Kısa bir bölüm oldu. YGS kasıyorum da :D
İyi okumalar.
Show Me The Money bölümlerini izlemeye başlamaya karar vermiştim. Büyük ihtimalle olduğum sahnelerde utanacaktım fakat kalan rakiplerimi öğrenip sözlerimle onları nereden vuracağımı belirlemeliydim. Bir nevi kişi analizi yani. Hazırlıklı olmak gerekiyordu. Şimdiye kadar tam 3 bölüm yayımlanmıştı. Henüz 4. bölümün çekimlerindeydik.
İlk bölümü açıp izlemeye başladım.
Bobby gerçekten yetenekliydi. Vasco denen adamdan bahsetmek bile istemiyordum. İşim zordu. Yalnız bir gerçek vardı ki Iron gerçekten yakışıklıydı. Klasik koreli kızlar gibi davranıp ağzımdan gökkuşağı akıtacak bir insan değilim ama onu görünce gerilmeme engel olamıyordum. Ses tonu... Bu adam neden rakibim ki şimdi?!
Biraz daha oyalandıktan sonra uykum gelmeye başladı. Odamın ışığını kapattıktan sonra kendimi yatağıma attım. Bundan sonra ne yapacağımı düşünürken uykuya dalmadan önce aklıma gelen kişinin Bobby olması ilginçti.
Sabah derin uykumdan alarmın sesiyle zar zor kalktım.
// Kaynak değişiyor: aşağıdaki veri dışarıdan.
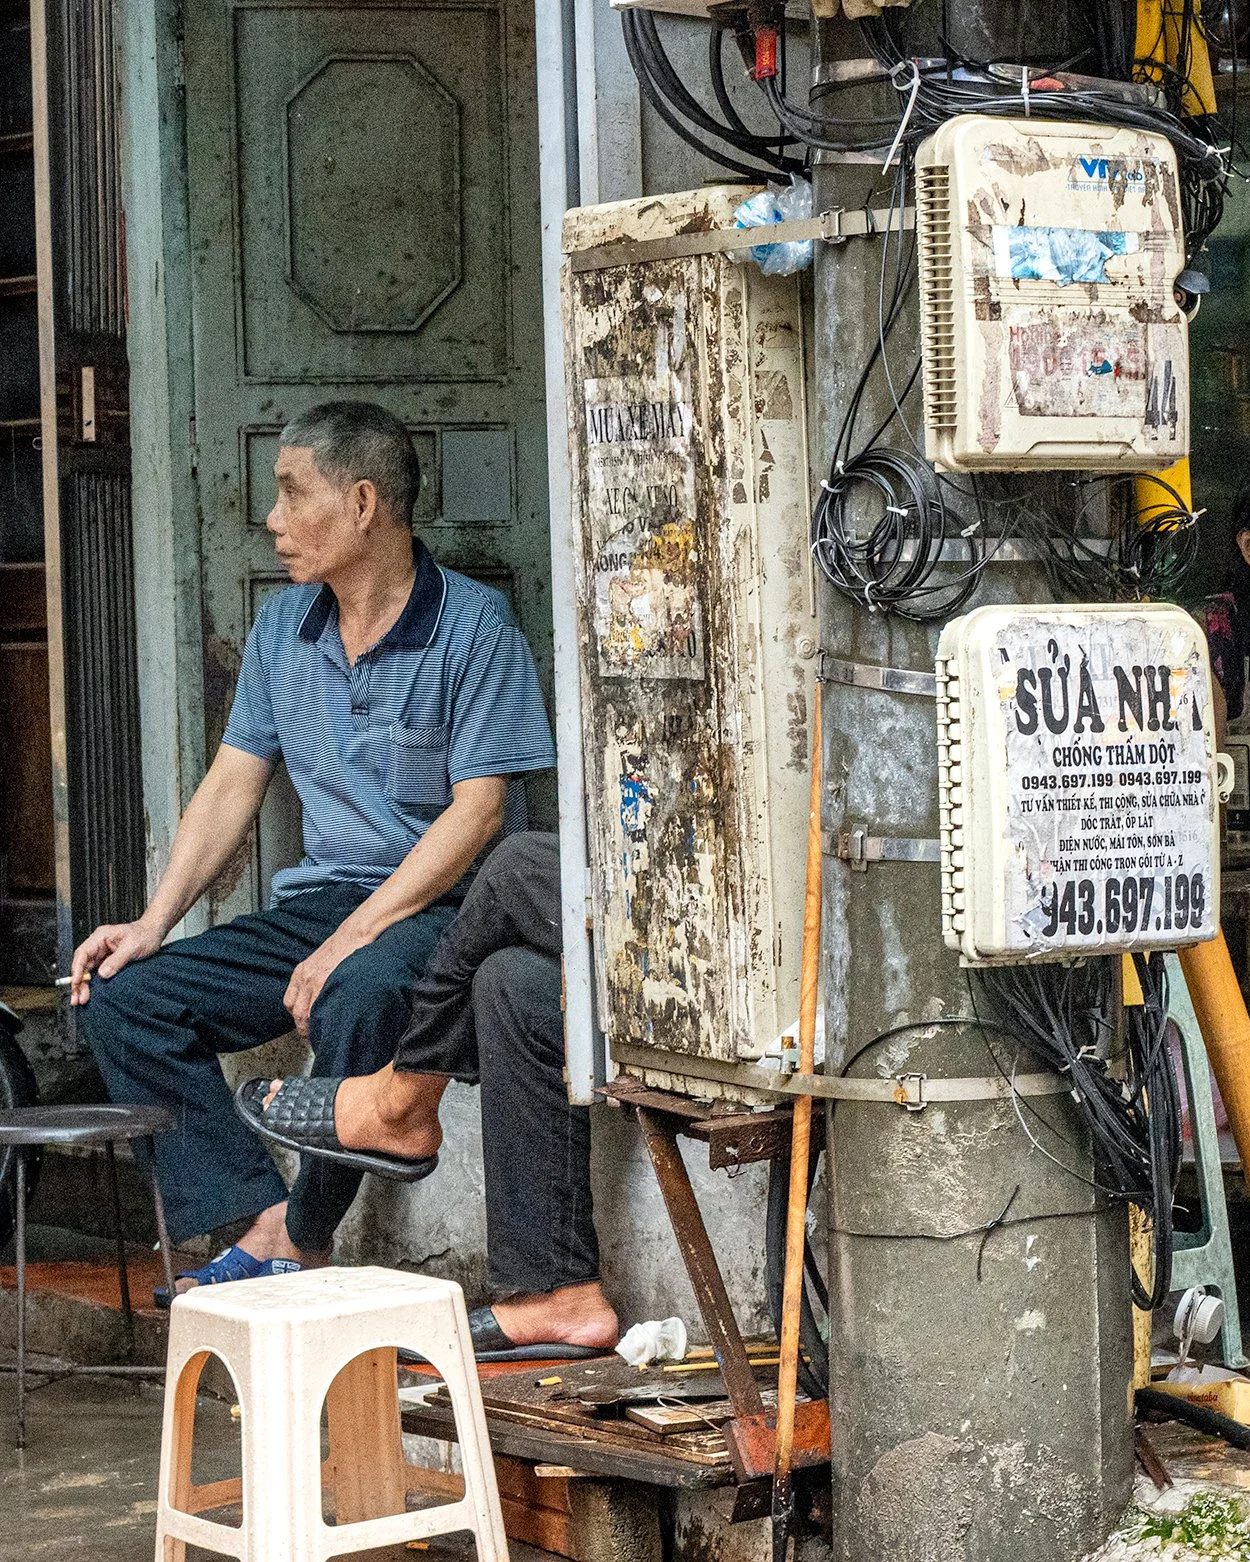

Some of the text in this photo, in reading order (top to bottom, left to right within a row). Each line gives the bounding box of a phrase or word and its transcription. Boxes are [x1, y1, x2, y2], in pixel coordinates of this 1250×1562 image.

[1016, 638, 1203, 735] SỬA NH
[1053, 735, 1176, 769] CHỐNG THẤM DỘT
[1021, 770, 1201, 790] 0943.697.199 0943.697.199
[1021, 798, 1034, 812] TƯ
[1035, 794, 1054, 812] VẤN
[1056, 793, 1081, 811] THIẾT
[1083, 792, 1097, 811] KẾ,
[1100, 796, 1113, 809] THI
[1115, 793, 1140, 810] CÔNG,
[1142, 790, 1157, 808] SỬA
[1159, 791, 1181, 807] CHỮA
[1182, 790, 1199, 806] NHÀ
[1081, 814, 1098, 830] DÓC
[1125, 811, 1136, 829] ỐP
[1138, 812, 1153, 828] LÁT
[1059, 835, 1081, 854] ĐIỆN
[1083, 834, 1108, 851] NƯỚC,
[1109, 834, 1125, 849] MÁI
[1126, 833, 1145, 850] TÔN,
[1147, 833, 1163, 848] SƠN
[1073, 858, 1088, 871] THI
[1089, 855, 1112, 870] CÔNG
[1114, 856, 1136, 872] TRỌN
[1138, 852, 1152, 868] GÓI
[1154, 851, 1166, 867] TỪ
[1167, 855, 1173, 867] A
[1178, 854, 1184, 867] Z
Erken uyanmaktan nefret ediyordum fakat bugün notlar için okula gitmem gerekiyordu. Banyoya girip ilk olarak elimi, sonrada yüzümü yıkadım. Dişlerimi fırçaladıktan sonra okul üniformamı giyindim. Makyaj yapmaya ihtiyaç duymadan saçlarımı düzeltip çantamı sırtıma geçirdim. Artık gitme zamanıydı. Her zaman ki gibi kahvaltı yapmadan çıkacaktım. Kahvaltı yapmayı gerçekten sevmiyordum.
Okulun giriş kapısından girdiğimde beni görünce şaşıran öğrencileri takmayarak okul binasına girdim. Koridorlardan sınıfıma ilerlerken aynı bakışlara maruz kalıyordum.
Sınıfıma girdiğimde karşımda görmeyi beklediğim ikiliyle karşılaştım. Koskoca okulda anlaşabildiğim iki insan. Yeni boyattığı kızıl saçlarıyla gülerek bana sarılan kızın adı Lee Sung'tu. Sarılışına karşılık vermiştim. Bir süre sonra benden ayrıldı.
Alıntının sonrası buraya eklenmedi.